[Stored data entries]
>>

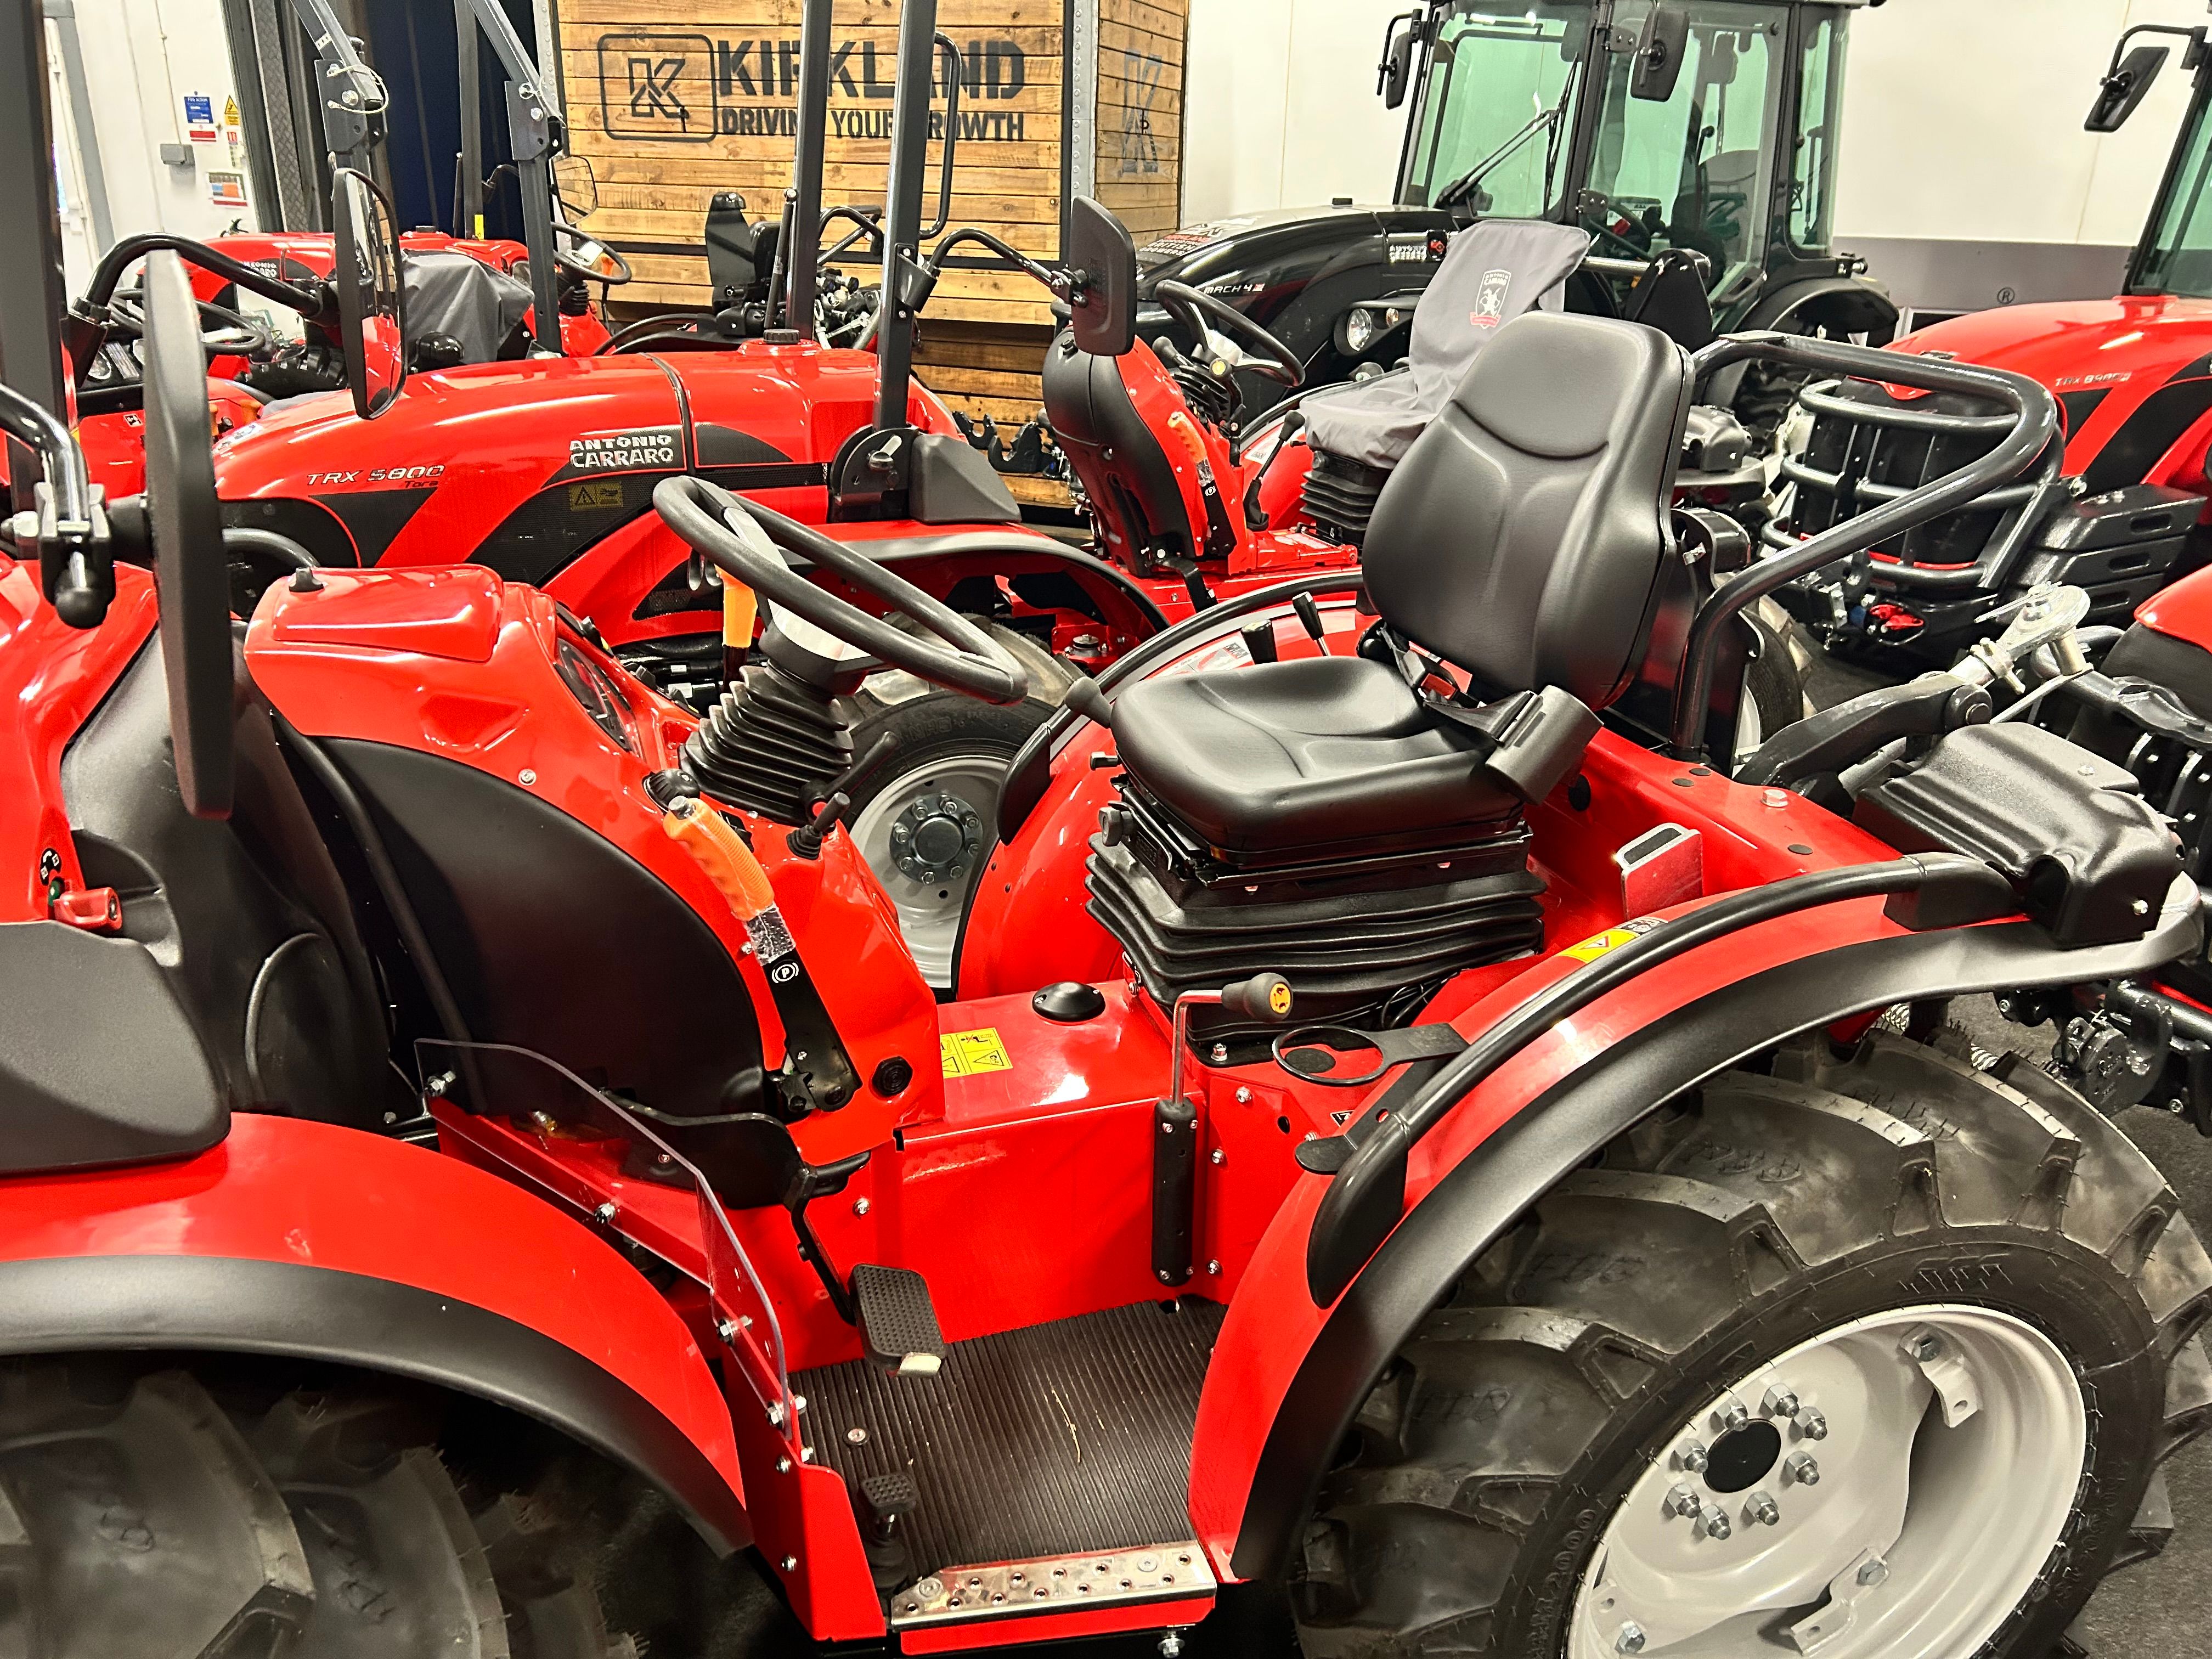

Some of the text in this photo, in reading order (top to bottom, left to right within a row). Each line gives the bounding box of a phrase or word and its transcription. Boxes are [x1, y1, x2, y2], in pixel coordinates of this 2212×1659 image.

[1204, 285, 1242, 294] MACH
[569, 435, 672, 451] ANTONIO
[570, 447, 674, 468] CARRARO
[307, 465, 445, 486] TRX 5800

<<

■ Description of the task
Your answer must be an exact reproduction of all entries, containing no pictures.

■ Solution to this exercise
Some of the text in this photo, in reading order (top to bottom, left to right within a row). Each line gives the bounding box of a phrase or word and its transcription. Boxes are [x1, y1, x2, y2], in pixel coordinates of this 2212×1659 image.

[1204, 285, 1242, 294] MACH
[569, 435, 672, 451] ANTONIO
[570, 447, 674, 468] CARRARO
[307, 465, 445, 486] TRX 5800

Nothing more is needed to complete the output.